Many in the US believe that the changes in the relative economic strength of the two countries are not simply concurrent; instead they are causally connected. China’s massive trade surplus vis-a-vis the US, which is attributed to its ‘unfair’ trade and investment practices, has hobbled the growth of the American economy and dislocated import-competing sectors, ushering in job losses. From the economic standpoint, the argument doesn’t carry much weight. In a post industrial economy, like the US, manufacturing takes a back seat because of increased cost of production and the competitive advantage switches over to the services sector, which anchors both economic activity and job creation. Being the globe’s manufacturing power house with complete value chains in most sectors, China remains the favourite destination for multinational enterprises.

In order to block the rise of China, the US has resorted to the use of the familiar device of sanctions on its high-tech companies, such as Huawei, and additional import duties on a range of Chinese products. In the latest move, Joe Biden has slapped duties on import of electric vehicles (up to 100 per cent), solar cells (up to 50 per cent), advanced batteries (up to 25 per cent), medical equipment and steel products from China, thus following in the footsteps of his adversary Donald Trump. The action has been taken in the name of fair trade and protecting American workers, as the country braces for the November presidential election.

The move’s long-term economic impact aside, it sends out a clear message to Beijing that whether it’s Trump (Republican) or Biden (Democrat) at the helm, the US will continue to punish China. Not surprisingly, China’s commerce ministry described the new tariffs as ‘political manipulation,’ while the foreign ministry spokesperson termed them ‘a naked act of bullying’. The electric vehicle (EV) industry in particular represents the face of a new and advanced China. Some 60 per cent of all EVs used in the world are produced in China. Although at present the US is not a considerable buyer of Chinese EVs, the new tariffs will stifle the prospects of China getting a foothold in the world’s largest consumer market in this sector.

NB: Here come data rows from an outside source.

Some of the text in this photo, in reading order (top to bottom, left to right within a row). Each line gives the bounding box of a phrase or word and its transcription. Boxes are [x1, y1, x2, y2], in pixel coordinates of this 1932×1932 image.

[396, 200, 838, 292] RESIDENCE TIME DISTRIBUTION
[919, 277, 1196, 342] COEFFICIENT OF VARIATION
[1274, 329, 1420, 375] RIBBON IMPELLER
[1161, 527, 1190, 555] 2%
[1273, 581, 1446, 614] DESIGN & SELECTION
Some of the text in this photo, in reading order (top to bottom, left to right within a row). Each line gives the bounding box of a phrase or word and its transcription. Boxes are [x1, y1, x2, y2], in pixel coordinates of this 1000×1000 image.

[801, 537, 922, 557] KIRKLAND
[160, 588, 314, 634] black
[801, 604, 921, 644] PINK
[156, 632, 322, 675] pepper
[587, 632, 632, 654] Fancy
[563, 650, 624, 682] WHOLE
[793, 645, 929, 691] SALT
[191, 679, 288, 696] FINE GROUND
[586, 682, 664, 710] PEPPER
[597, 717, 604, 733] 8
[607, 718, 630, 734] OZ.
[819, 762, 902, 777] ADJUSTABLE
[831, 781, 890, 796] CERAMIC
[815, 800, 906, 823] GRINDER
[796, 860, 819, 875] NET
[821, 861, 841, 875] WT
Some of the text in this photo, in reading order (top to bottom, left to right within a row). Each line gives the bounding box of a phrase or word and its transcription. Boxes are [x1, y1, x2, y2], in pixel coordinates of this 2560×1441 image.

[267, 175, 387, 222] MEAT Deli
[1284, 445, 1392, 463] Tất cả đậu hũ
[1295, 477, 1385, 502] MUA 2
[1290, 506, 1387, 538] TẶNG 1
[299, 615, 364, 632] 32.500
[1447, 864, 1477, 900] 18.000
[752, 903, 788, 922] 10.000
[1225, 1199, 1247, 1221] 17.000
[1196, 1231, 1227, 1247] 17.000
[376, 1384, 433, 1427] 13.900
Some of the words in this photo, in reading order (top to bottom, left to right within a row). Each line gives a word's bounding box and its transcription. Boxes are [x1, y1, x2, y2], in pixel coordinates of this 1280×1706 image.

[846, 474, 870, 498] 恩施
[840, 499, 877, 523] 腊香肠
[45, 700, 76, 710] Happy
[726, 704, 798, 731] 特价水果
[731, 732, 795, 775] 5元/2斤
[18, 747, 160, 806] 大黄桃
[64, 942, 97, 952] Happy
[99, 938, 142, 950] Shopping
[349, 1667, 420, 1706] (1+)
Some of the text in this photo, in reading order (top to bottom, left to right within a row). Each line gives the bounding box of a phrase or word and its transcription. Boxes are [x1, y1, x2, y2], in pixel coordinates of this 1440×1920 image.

Despite the escalating tensions, the US-China tiff can hardly be termed heralding a return to cold war politics, for the reason that it does not, and will not, pit two ideologies against each other. Despite being on the other side of Washington on quite a few international issues, Beijing has no alternative doctrine of economic organization to espouse. It has been a beneficiary of market economics, which is the bedrock of Western economic and political systems, and remains wedded to it. It is a member of both the IMF and the World Trade Organization (WTO). Nor does China believe in bloc politics – unlike the former USSR (Warsaw pact), it hasn’t put in place its own military alliance – and zero-sum competition.

The writer is an Islamabad-based columnist.